The Departments of Labor, Health and Human Services, and Treasury published new proposed rules that, if finalized, will require most individual and group health plans to provide additional information to plan participants and the public. This proposed rule is a response to the president’s June 2019 executive order on improving price and quality transparency and is based on transparency provisions of the Affordable Care Act (ACA).

The proposal has two key elements: (1) Upon request from a plan participant or beneficiary, covered health plans are required to disclose detailed estimates of cost-sharing for specific items or services; and (2) it requires covered health plans to publicly disclose negotiated rates for in-network providers and historical allowed amounts for out-of-network providers.

The overall purpose of the proposal is to support a market-driven health care system by giving consumers the information they need to make informed decisions about their health care and health care purchases.

This article provides a high-level overview of key provisions in the proposed rule.

Covered plans

The proposed rule applies to most health plans, including individual market plans and fully insured and self-funded large and small group plans, with a few important exceptions.

The proposed rule does NOT apply to:

  • Excepted benefit plans such as dental, vision, hospital indemnity and other fixed indemnity, specified disease and critical illness policies.
  • Grandfathered plans.
  • Short-term limited duration insurance.
  • Health reimbursement arrangements (HRAs). The rule excludes HRAs because they only make a specific dollar amount available, so cost-sharing concepts do not apply.

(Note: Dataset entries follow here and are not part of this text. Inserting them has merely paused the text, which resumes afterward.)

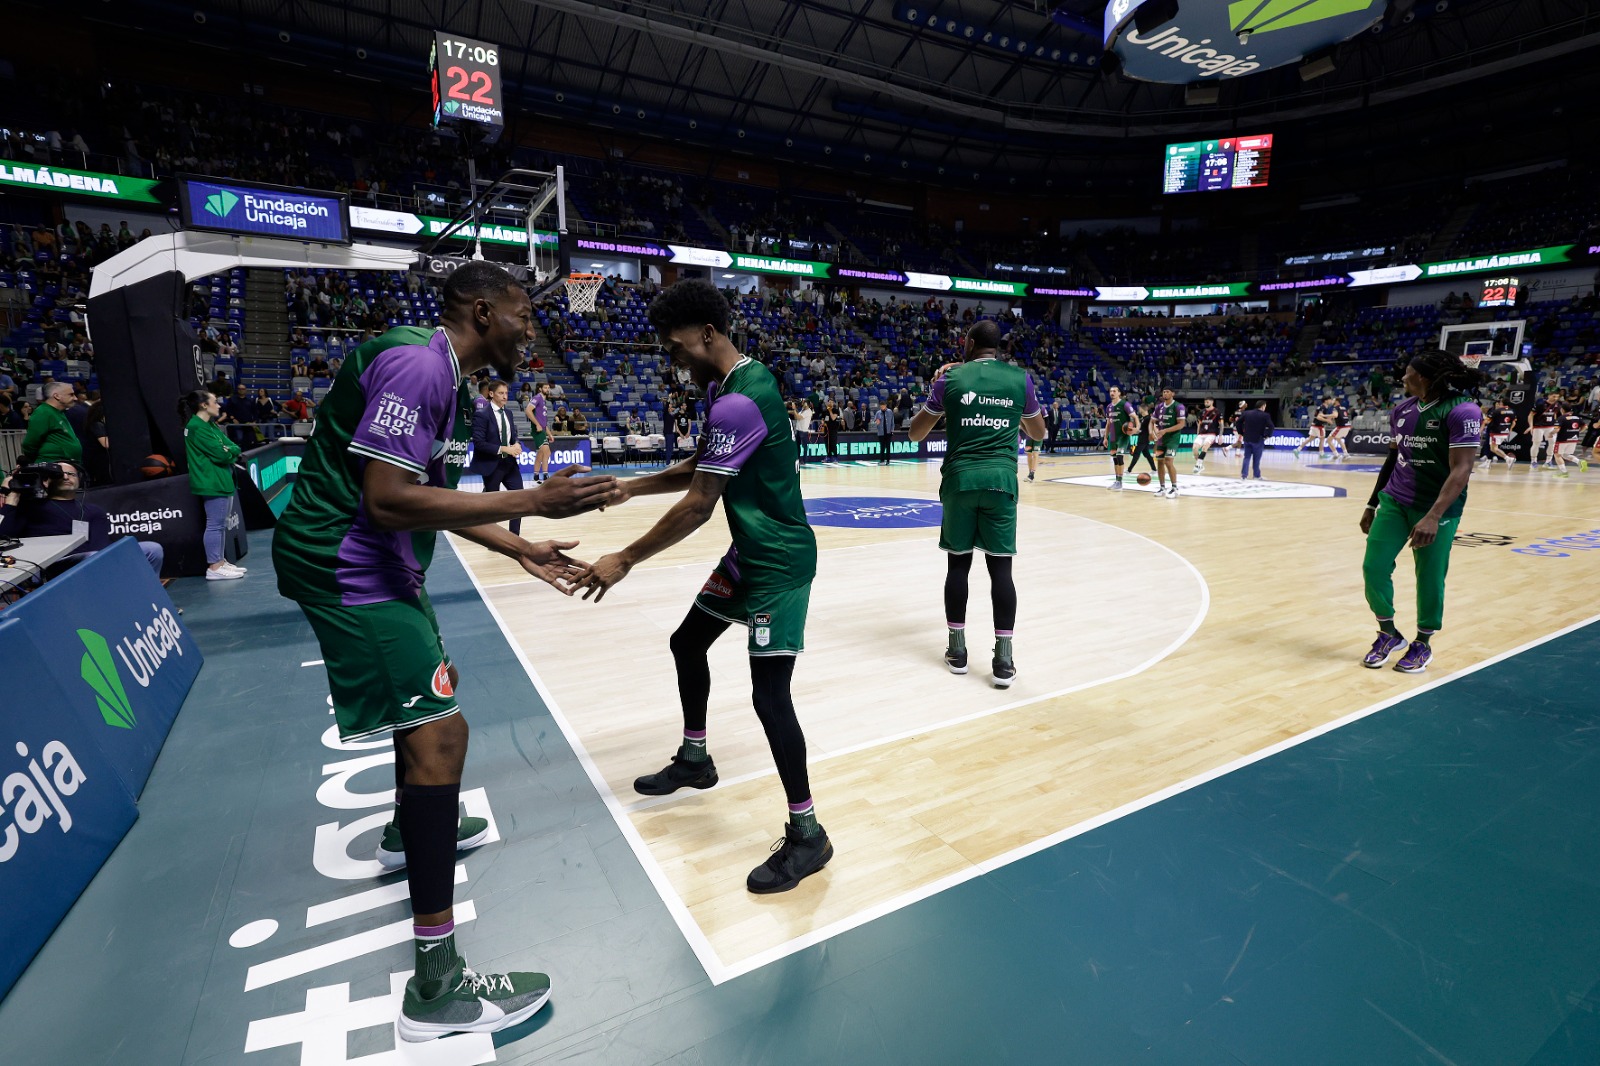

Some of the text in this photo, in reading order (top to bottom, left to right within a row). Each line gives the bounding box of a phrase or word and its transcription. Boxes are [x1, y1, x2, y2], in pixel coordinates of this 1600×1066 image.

[443, 40, 499, 66] 17:06
[1126, 26, 1260, 77] Unicaja
[446, 66, 494, 105] 22
[462, 103, 502, 117] Fundación
[462, 109, 492, 122] Unicaja
[244, 195, 328, 217] Fundación
[245, 208, 307, 229] Unicaja
[578, 240, 615, 251] PARTIDO
[616, 244, 658, 256] DEDICADO
[738, 257, 813, 274] BENALMÁDENA
[838, 268, 866, 278] PARTIDO
[867, 272, 897, 281] DEDICADO
[956, 280, 1014, 293] BENALMÁDENA
[1260, 282, 1294, 291] PARTIDO
[1295, 278, 1336, 288] DEDICADO
[1427, 252, 1541, 275] BENALMÁDENA
[1484, 278, 1509, 286] 17:06
[1152, 286, 1230, 298] BENALMÁDENA
[1482, 287, 1504, 300] 22
[382, 392, 405, 403] sabor
[978, 396, 1014, 408] Unicaja
[372, 406, 415, 437] laga
[1404, 440, 1428, 450] Unicaja
[116, 602, 183, 688] Unicaja

Although the proposed rule does not apply to grandfathered plans, it does apply to so-called “grandmothered” or transitional plans. Grandmothered plans are certain nongrandfathered individual and small group plans that federal and state regulators allow to continue in force for a transition period — even though they don’t comply with certain ACA requirements. The current grandmothered plan guidance applies for policy years beginning on or before Oct. 1, 2020, provided that all coverage comes into full compliance by Jan. 1, 2021. More information on current rules for grandmothered plans may be found here.

Cost-sharing disclosure — required information

The proposed rule requires plans to disclose seven specific points of information regarding cost-sharing for an item or service:

Plan administrators will have flexibility to use either the existing safe harbor or the new safe harbor for retirement plan notices. That means they can use the current safe harbor for some participants and notices and the new safe harbor for others.

  1. Estimated cost-sharing liability.
    This is the plan participant’s share of the cost of the item or service under the plan. This includes any deductible, co-payments and coinsurance. It doesn’t include balance billed amounts from out-of- network providers or premiums.
  2. Accumulated amounts.
    This includes financial amounts with respect to a plan deductible or out-of-pocket maximum the participant has already incurred at the time the request for cost-sharing information is made. This also includes amounts accrued toward any treatment limits (e.g., limits on the number of physical therapy visits per year or per event).
  3. Negotiated rate.
    This is the amount the plan pays an in-network provider for the item or service and also used to determine the amount of cost-sharing.
  4. Allowed out-of-network amount.
    The maximum amount a plan will pay an out-of-network provider for the item or service. This does not include any amount that the out-of-network provider may separately bill the participant (i.e., balance bill).
  5. Items and services content list.
    When cost-sharing information relates to a bundled payment, plans need to provide a list of covered items and services included in the bundle and cost-sharing for the bundle as a whole.
  6. Notice of prerequisites to coverage.
    When a participant requests cost-sharing information, health plans must also provide information about the conditions that need to be satisfied before the item or service is covered by the plan. Prerequisites include concurrent review, prior authorization, step-therapy and fail-first protocols.
  7. Disclosure notice.
    Plans must provide a notice, in plain language, that includes the following statements: Out-of-network providers may balance bill patients and the estimates of cost-sharing do not include balance billing amounts from providers; actual charges for the items or services may vary from the cost-sharing estimate depending on the actual items and services received; and the cost-sharing estimate isn’t a guarantee that coverage will be provided for the items and services. The agencies have provided a draft model notice for plans to use. Plans aren’t required to use the model notice and may develop their own notice as long as it meets the requirements in the proposed rule.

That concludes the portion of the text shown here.